The Royal Docks remained London’s major docks until the 1960s. They began to decline due containerisation. Before containers, each ship was loaded and unloaded by large teams of men. Containers of a standard size could be handled by cranes, which made loading ships much faster - and cheaper with far fewer workers.
Meanwhile dockside rail transport was eclipsed by cheap lorry haulage. As other docks were better able to deal with the huge container shipping, in 1981 the Royal Docks closed.
In the same year the government formed the London Docklands Development Corporation (LDDC) to regenerate 8½ miles of riverside and docks in East London, including the Royal Docks. The LDDC was given the dock land and powers to relax planning controls for market led development.
One of the first and most controversial projects that they supported was London City Airport. The airport’s development was fiercely resisted by many residents who came up with their own ‘people’s plan’ for the Royal Docks. Opponents argued that this was not an appropriate place for an airport and that the land should be used for housing, childcare, shopping facilities and recreation.

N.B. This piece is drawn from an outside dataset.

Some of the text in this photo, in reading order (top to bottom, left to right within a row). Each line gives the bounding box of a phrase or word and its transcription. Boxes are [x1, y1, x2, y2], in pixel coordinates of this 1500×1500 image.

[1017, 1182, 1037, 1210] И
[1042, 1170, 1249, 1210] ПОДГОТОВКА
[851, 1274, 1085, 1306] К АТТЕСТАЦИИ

Despite opposition the airport opened in 1987. The runway was built on the space between King George V Dock and Royal Albert Dock. This had once been an area for loading, unloading and storing goods. The airport terminal and car park were built on parts of King George V Dock quayside.
London City Airport is a STOL (Short Take Off and Landing) runway, which means it is only suitable for smaller aircraft. Large jets, helicopters and private flights are not allowed to use it. The airport has its own DLR station, so passengers can step off a plane and in no time be on a train directly to Canary Wharf or the City.

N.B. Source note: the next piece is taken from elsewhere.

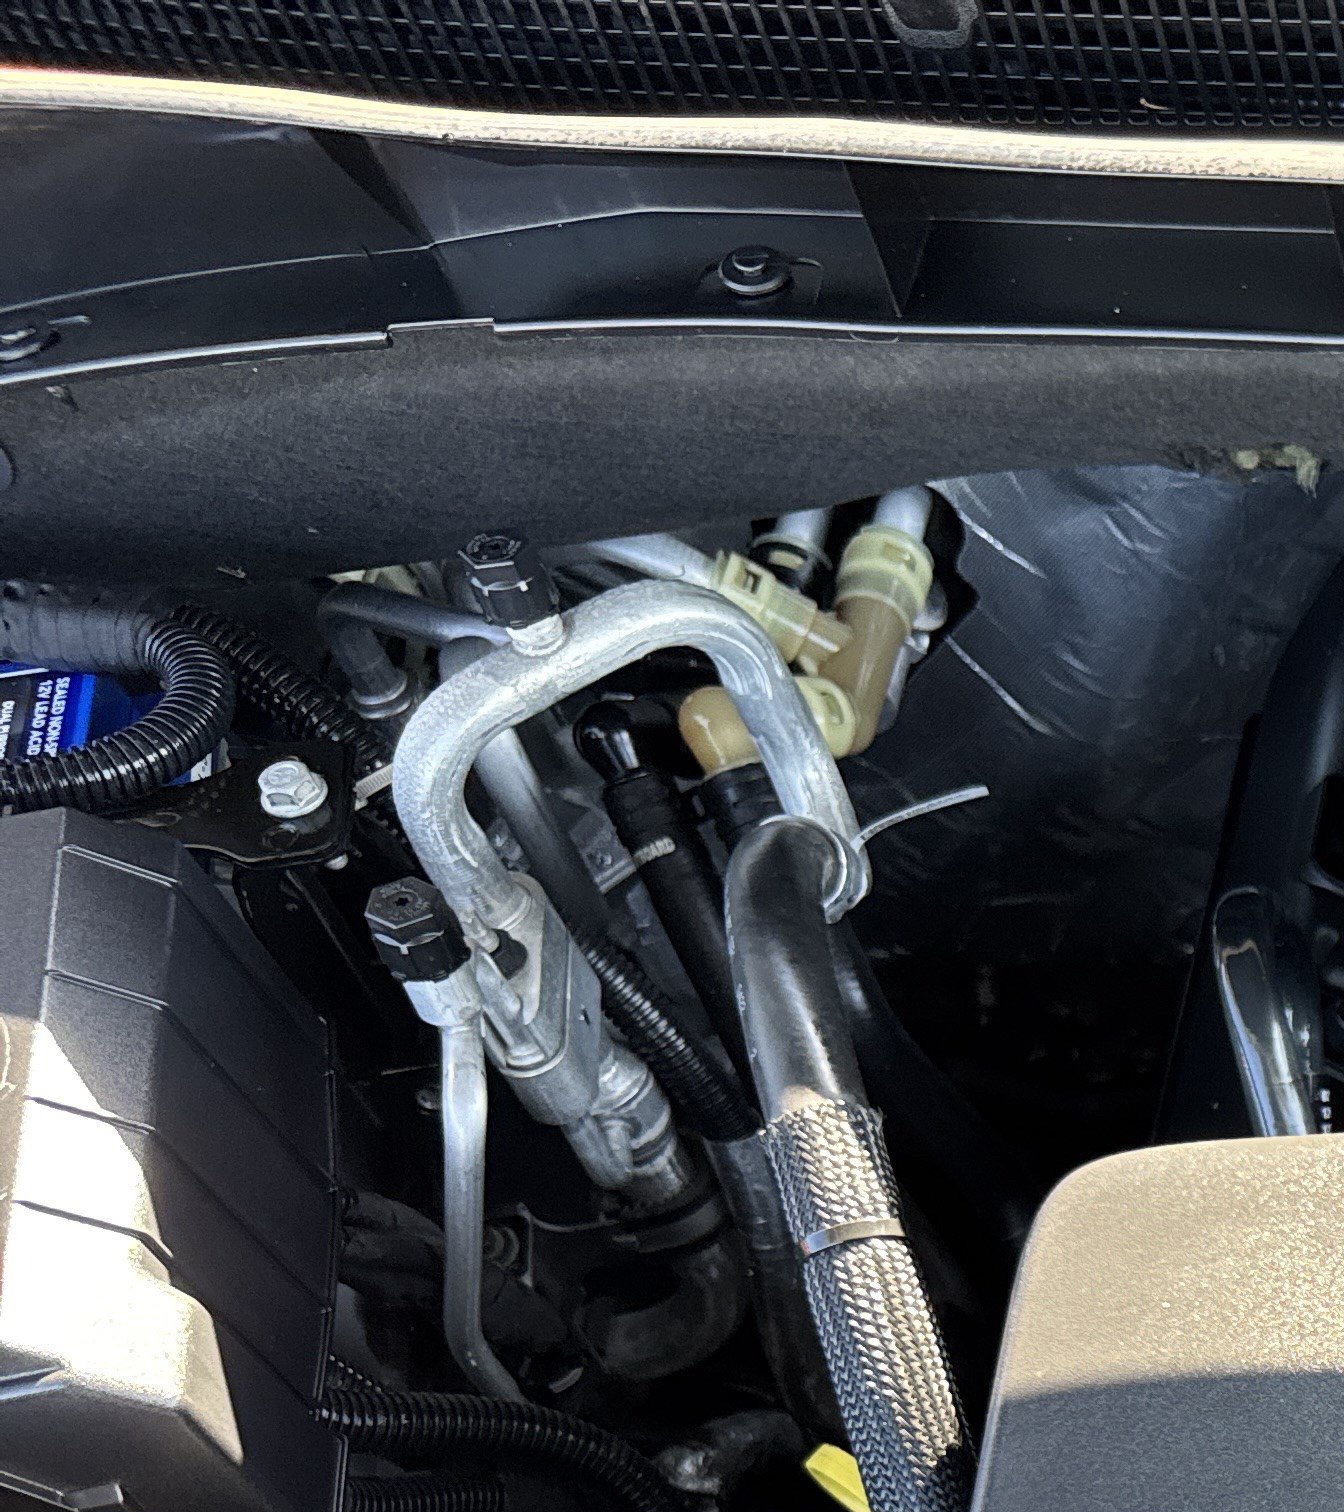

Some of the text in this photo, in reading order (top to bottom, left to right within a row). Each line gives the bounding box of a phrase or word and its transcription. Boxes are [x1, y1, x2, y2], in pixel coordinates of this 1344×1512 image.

In 2012 it welcomed a record three million passengers and there are plans to double capacity to six million in ten years. Most of the flights serve business people in Europe, many of whom return the same day. Destinations include Berlin and Frankfurt, Milan and Rome, Zurich and Geneva, Paris and Luxembourg. There are also some important domestic routes such as Edinburgh, Aberdeen, the Isle of Man and Channel Islands.
The airport means that North Woolwich is a gateway to the world once more. As you can hear, however, the sound of the planes can be deafening and there are still mixed feelings about its impact on local communities.